Which Dragon Ball movie are _you_ talking about? Evolution was an embarrassment, to put it nicely.


----------



## BrainArt (Aug 15, 2009)

TomAwesome said:


> Which Dragon Ball movie are _you_ talking about? Evolution was an embarrassment, to put it nicely.



The live action one, I've yet to see it. I figured I'll wait until it's out on dvd and torrent it that way if it sucks I didn't waste any money.


----------



## ralphy1976 (Aug 15, 2009)

XeoFLCL said:


> Keanu Reeves To Star In Cowboy Bebop - Screen Rant
> Was one of my favorite shows growing up, and if they ruin cowboy bebop I'm going to rage bigtime. I hear that the person who created cowboy bebop though is going to overview it and if he finds it shitty then he'll cut it and not allow it to be aired. I hope this is true. Anyways as long as it's not like the DBZ movie



the DBZ movie..don't even get me started on that one..shamefull piece of fucking shit of a so called "film"..

as for cowboy bee-bop i hope the creator will do as he said.


----------



## Arminius (Aug 15, 2009)

I love the anime, but i don't know about this. Anyways, why don't filmmakers seem to want to make original films anymore? Almost every movie that has come out recently is a revival of some older franchise.


----------



## vortex_infinium (Aug 15, 2009)

The Dragonball movie was an embarassment.

Though from the looks of it Reeves looks promising. I mean, at least this time he looks somewhat like the main character. Funnily enough I just rewatched the movie and TV servies last week.

Aside from that... I'd love to know who's playing Ed.


----------



## XeoFLCL (Aug 15, 2009)

Yeah, Keanu Reeves playing in it sounds pretty promising actually, so to an extent that's relieving. And yes, the DBZ movie was horrible


----------



## Bloody_Inferno (Aug 16, 2009)

I don't think anybody alive or dead would think that Dragon Ball Evolution was even considered a movie.  

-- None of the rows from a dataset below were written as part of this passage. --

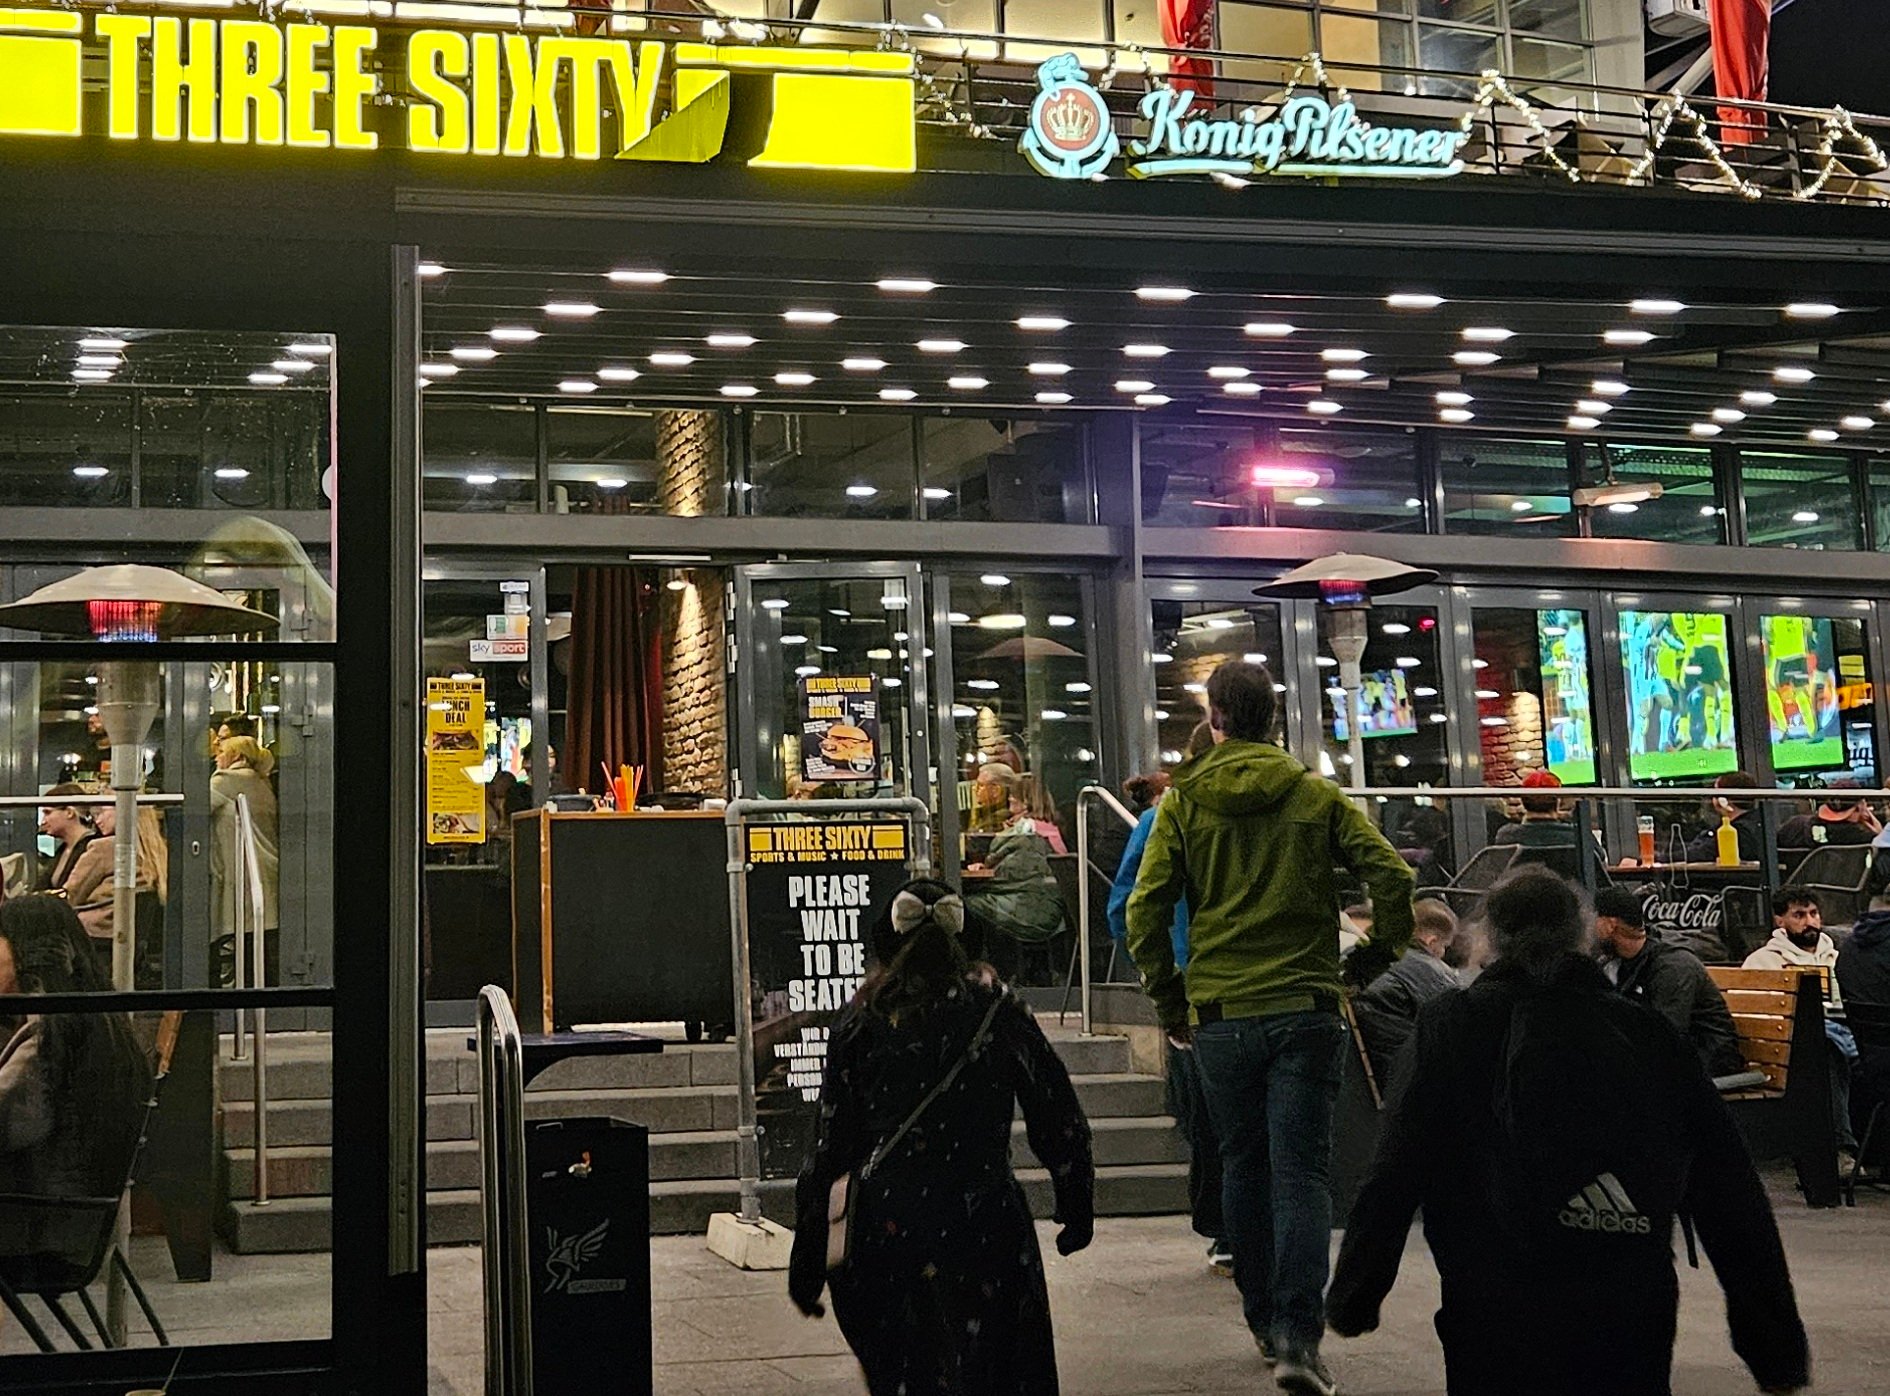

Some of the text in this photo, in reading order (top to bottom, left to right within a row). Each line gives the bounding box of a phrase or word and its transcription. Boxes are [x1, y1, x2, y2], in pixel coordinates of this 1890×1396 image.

[94, 14, 666, 160] THREE SIXTY
[1281, 96, 1467, 164] Pilsener
[472, 643, 525, 654] sky sport
[445, 712, 466, 723] DEAL
[773, 825, 871, 851] THREE SIXTY
[750, 849, 905, 863] SPORTS & MUSIC FOOD & DRINK
[788, 874, 871, 908] PLEASE
[800, 908, 861, 942] WAIT
[1641, 894, 1723, 928] Coca-Cola
[800, 942, 866, 976] TO BE
[788, 976, 868, 1013] SEATE
[1558, 1206, 1652, 1234] adidas
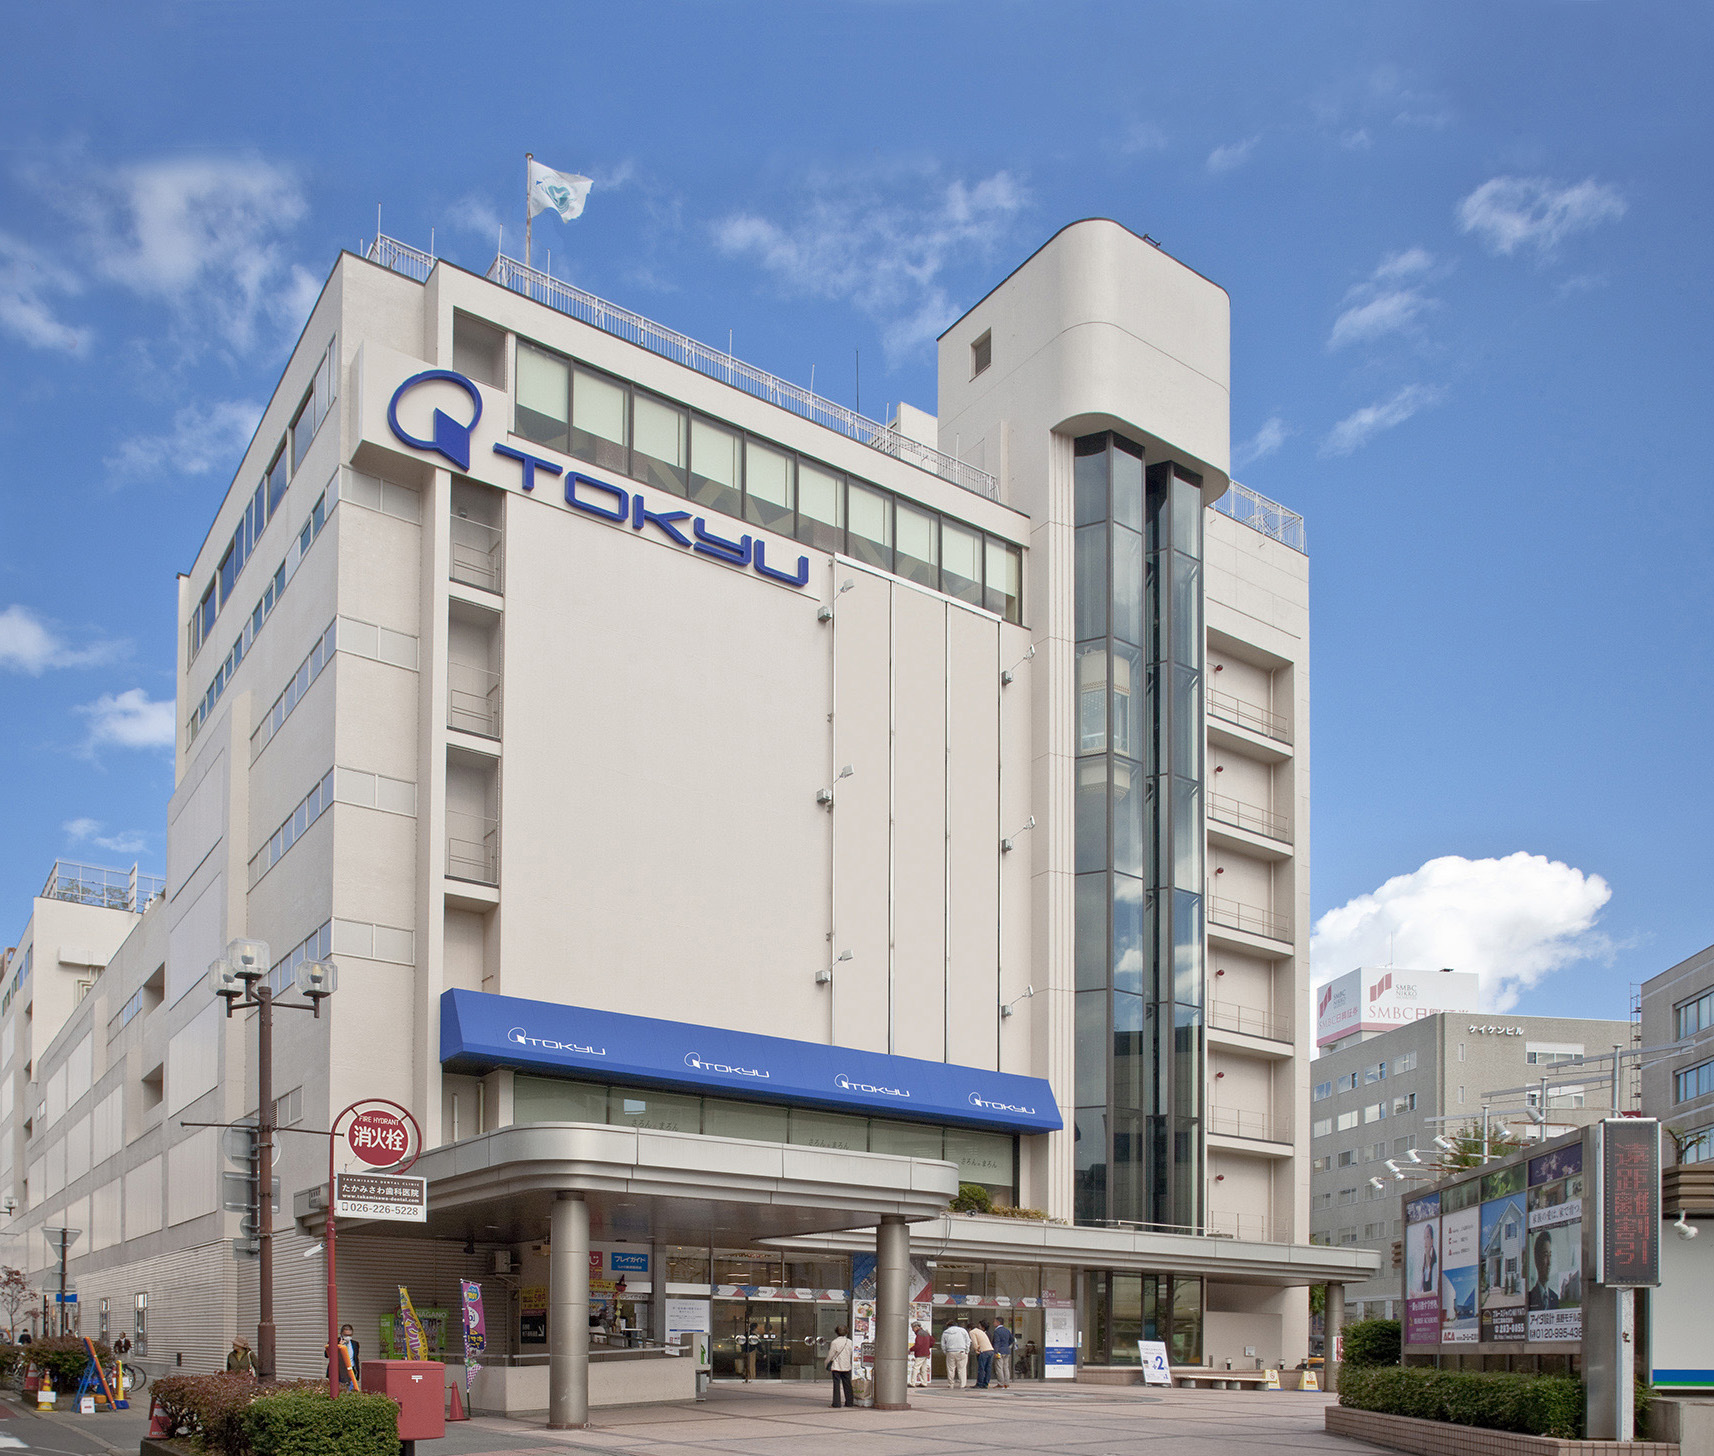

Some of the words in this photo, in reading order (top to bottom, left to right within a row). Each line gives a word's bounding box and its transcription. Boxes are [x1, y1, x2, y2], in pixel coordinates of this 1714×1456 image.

[492, 442, 809, 588] TOKYU
[1369, 1006, 1469, 1020] SMBC日興
[1468, 1024, 1524, 1036] ケイケンビル
[525, 1037, 606, 1056] TOKYU
[699, 1062, 770, 1079] TOKYU
[848, 1082, 911, 1098] TOKYU
[979, 1100, 1036, 1115] TOKYU
[359, 1115, 371, 1123] FIRE
[373, 1117, 400, 1126] HYDRANT
[353, 1125, 405, 1151] 消火栓
[342, 1184, 419, 1197] たかみさわ歯科医院
[350, 1203, 419, 1216] 026-226-5228
[614, 1255, 646, 1263] プレイガイド

Making anime into movies can be done. Crying Freeman was done very well IMO, and that's all I can think of that did well. This can potentially go the same path as that. Hopefully that is. 

Otherwise it'll go down with the rest of failed attempts of Anime to Movie like Guyver, G-Saviour and Devil Man (where even the Japanese can't get right). 

And what's going on with the Evangelion movie? Not that I'm holding my breath.


----------



## thedonutman (Aug 16, 2009)

I'm unsure as to whether Keanu Reeves would be good in this. I thought he was good in The Matrix (first one at least) but personally I think he isn't very versatile. In many of the other films I've seen him in where he tries to be a very different character (we. Street Kings, Constantine, even A Scanner Darkly) I don't find him very convincing. Bill and Ted doesn't count 

Then again, I think the one character that Keanu Reeves is capable of suits Spike pretty well.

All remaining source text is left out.